### GOAL OF THE EXERCISE
Set down the data again word for word. Skip any pictures.
DATA TO PROCESS Block Start
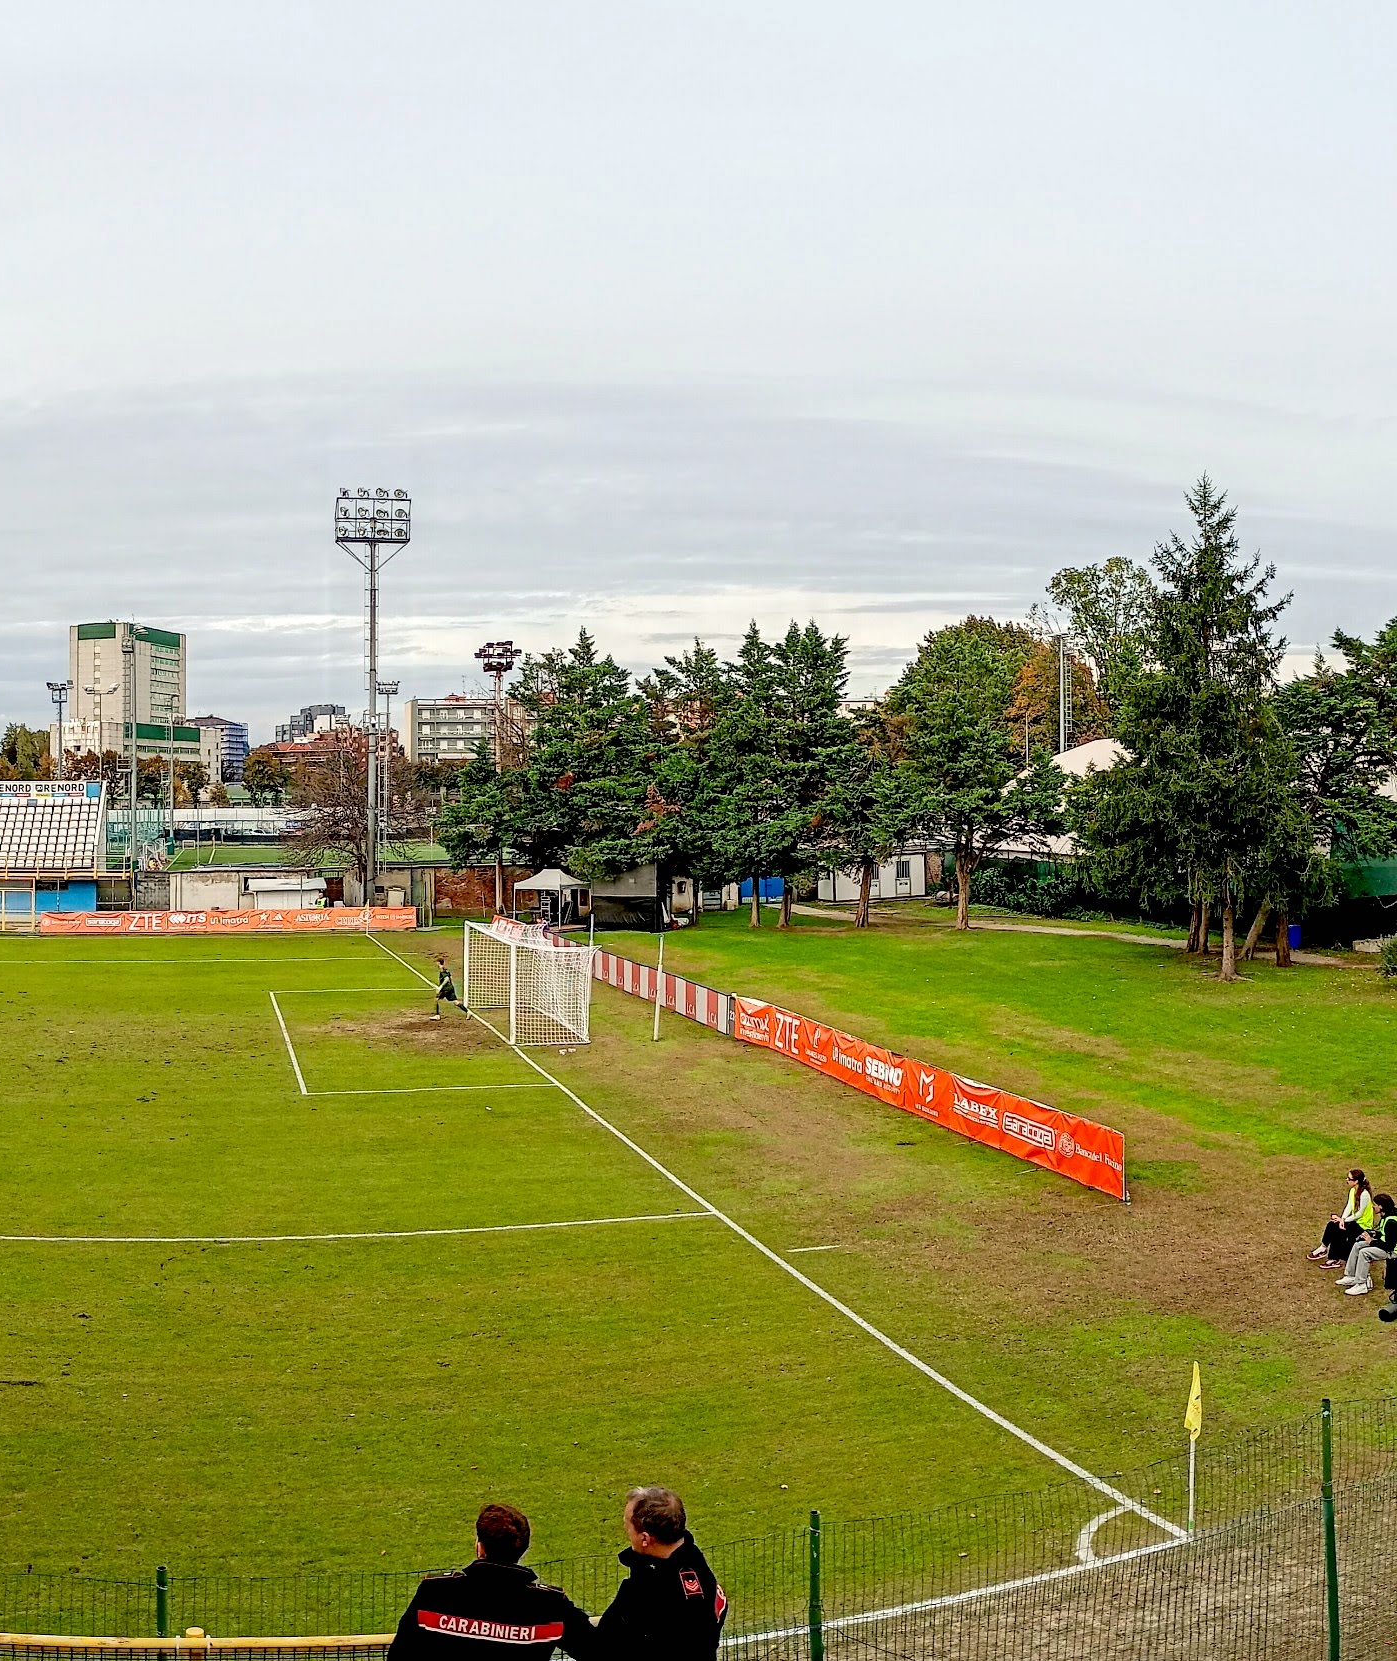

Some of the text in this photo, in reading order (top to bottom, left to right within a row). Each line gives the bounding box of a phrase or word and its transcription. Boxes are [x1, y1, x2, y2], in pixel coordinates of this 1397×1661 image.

[44, 784, 85, 793] RENORD
[128, 913, 163, 931] ZTE
[667, 994, 675, 1006] LCA
[686, 1002, 696, 1016] LCA
[708, 1011, 718, 1026] LCA
[774, 1012, 801, 1055] ZTE
[953, 1092, 999, 1121] LABEX
[1005, 1115, 1053, 1146] saratoga
[439, 1615, 536, 1641] CARABINIERI
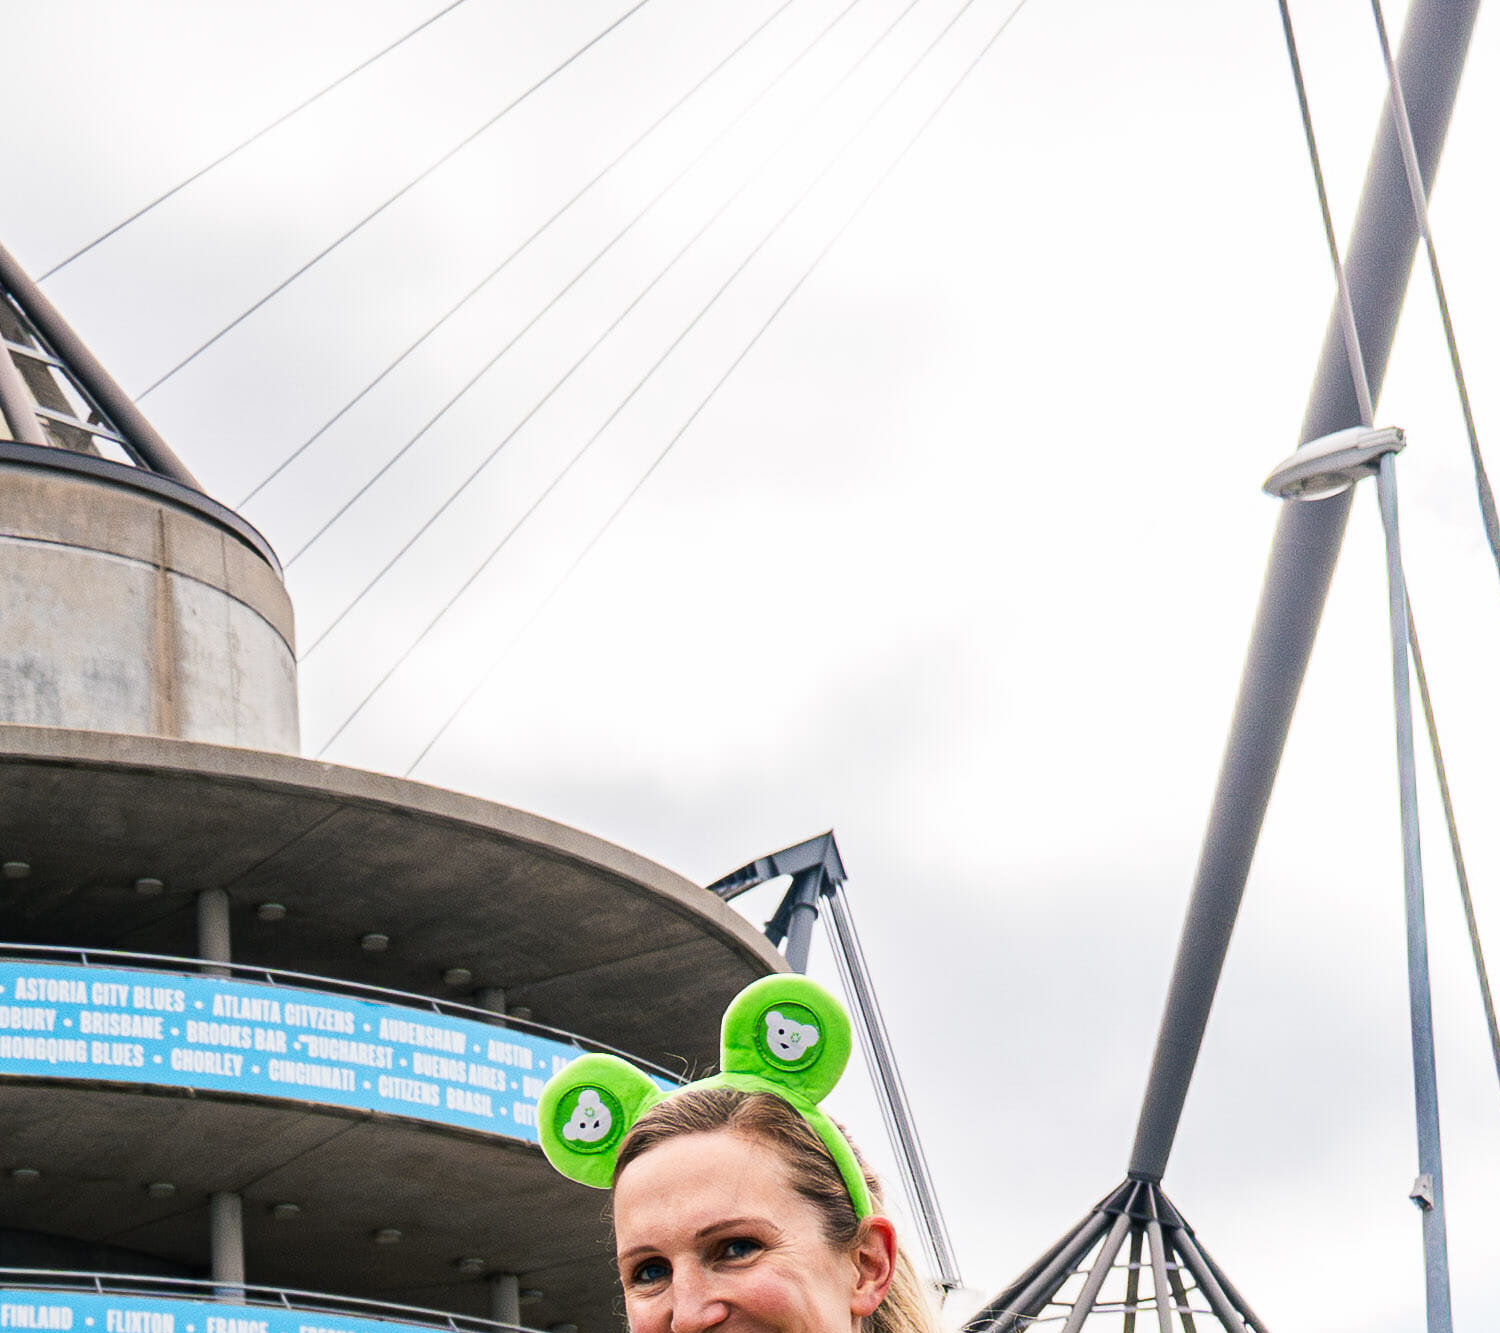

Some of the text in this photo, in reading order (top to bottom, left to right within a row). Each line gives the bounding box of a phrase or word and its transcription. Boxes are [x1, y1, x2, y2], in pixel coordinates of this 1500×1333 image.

[15, 977, 87, 1004] ASTORIA
[92, 982, 128, 1007] CITY
[133, 986, 185, 1012] BLUES
[213, 994, 281, 1023] ATLANTA
[285, 1003, 354, 1034] CITYZENS
[379, 1018, 466, 1054] AUDENSHAW
[488, 1040, 532, 1070] AUSTIN
[80, 1011, 163, 1040] BRISBANE
[187, 1020, 252, 1049] BROOKS
[255, 1028, 286, 1053] BAR
[306, 1035, 393, 1069] BUCHAREST
[413, 1052, 469, 1083] BUENOS
[468, 1064, 506, 1091] AIRES
[92, 1041, 144, 1067] BLUES
[171, 1048, 243, 1077] CHORLEY
[269, 1059, 355, 1092] CINCINNATI
[446, 1087, 492, 1117] BRASIL
[1, 1304, 73, 1330] FINLAND
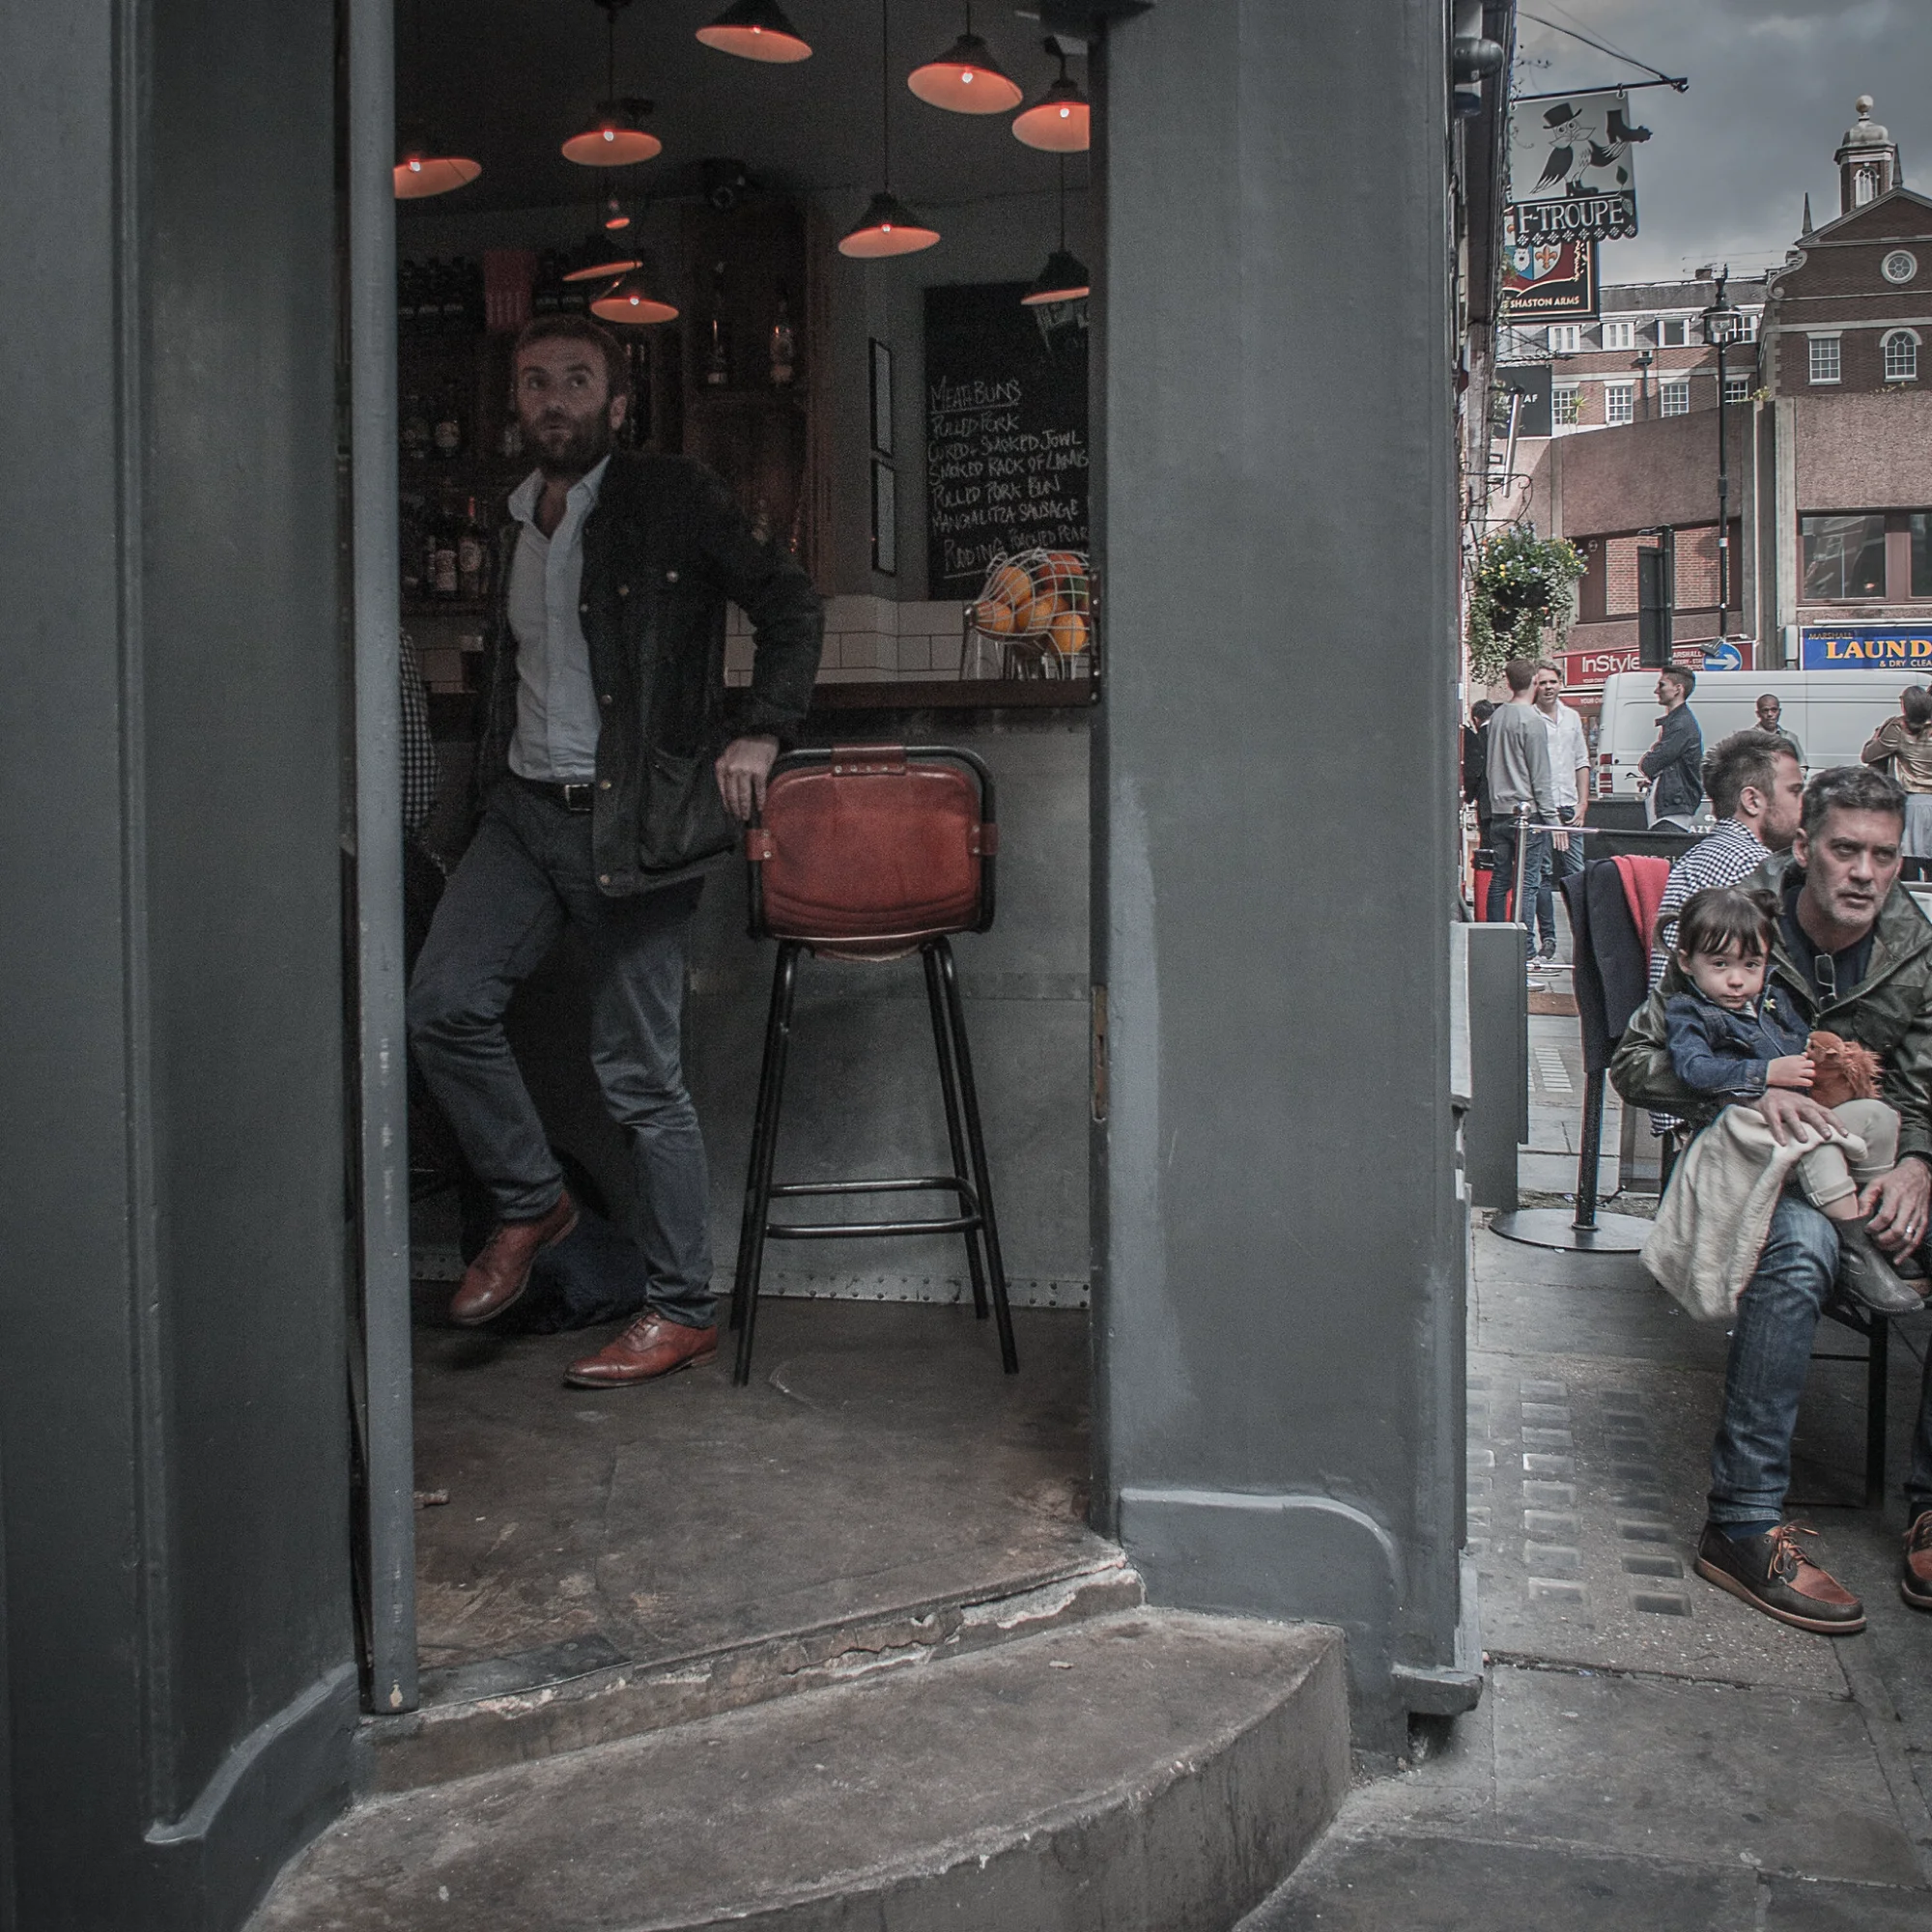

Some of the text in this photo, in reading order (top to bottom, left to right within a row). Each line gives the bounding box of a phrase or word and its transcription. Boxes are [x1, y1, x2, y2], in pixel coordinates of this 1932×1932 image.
DATA TO PROCESS Block End
### ANSWER AREA
Some of the text in this photo, in reading order (top to bottom, left to right within a row). Each line gives the bounding box of a phrase or word and its transcription. Boxes are [x1, y1, x2, y2], in pixel coordinates of this 1397×1661 image.

[44, 784, 85, 793] RENORD
[128, 913, 163, 931] ZTE
[667, 994, 675, 1006] LCA
[686, 1002, 696, 1016] LCA
[708, 1011, 718, 1026] LCA
[774, 1012, 801, 1055] ZTE
[953, 1092, 999, 1121] LABEX
[1005, 1115, 1053, 1146] saratoga
[439, 1615, 536, 1641] CARABINIERI

Some of the text in this photo, in reading order (top to bottom, left to right within a row). Each line gives the bounding box of a phrase or word and its transcription. Boxes are [x1, y1, x2, y2], in pixel coordinates of this 1500×1333 image.

[15, 977, 87, 1004] ASTORIA
[92, 982, 128, 1007] CITY
[133, 986, 185, 1012] BLUES
[213, 994, 281, 1023] ATLANTA
[285, 1003, 354, 1034] CITYZENS
[379, 1018, 466, 1054] AUDENSHAW
[488, 1040, 532, 1070] AUSTIN
[80, 1011, 163, 1040] BRISBANE
[187, 1020, 252, 1049] BROOKS
[255, 1028, 286, 1053] BAR
[306, 1035, 393, 1069] BUCHAREST
[413, 1052, 469, 1083] BUENOS
[468, 1064, 506, 1091] AIRES
[92, 1041, 144, 1067] BLUES
[171, 1048, 243, 1077] CHORLEY
[269, 1059, 355, 1092] CINCINNATI
[446, 1087, 492, 1117] BRASIL
[1, 1304, 73, 1330] FINLAND

Some of the text in this photo, in reading order (top to bottom, left to right within a row). Each line gives the bounding box of a phrase or word and its transcription. Boxes are [x1, y1, x2, y2], in pixel coordinates of this 1932×1932 image.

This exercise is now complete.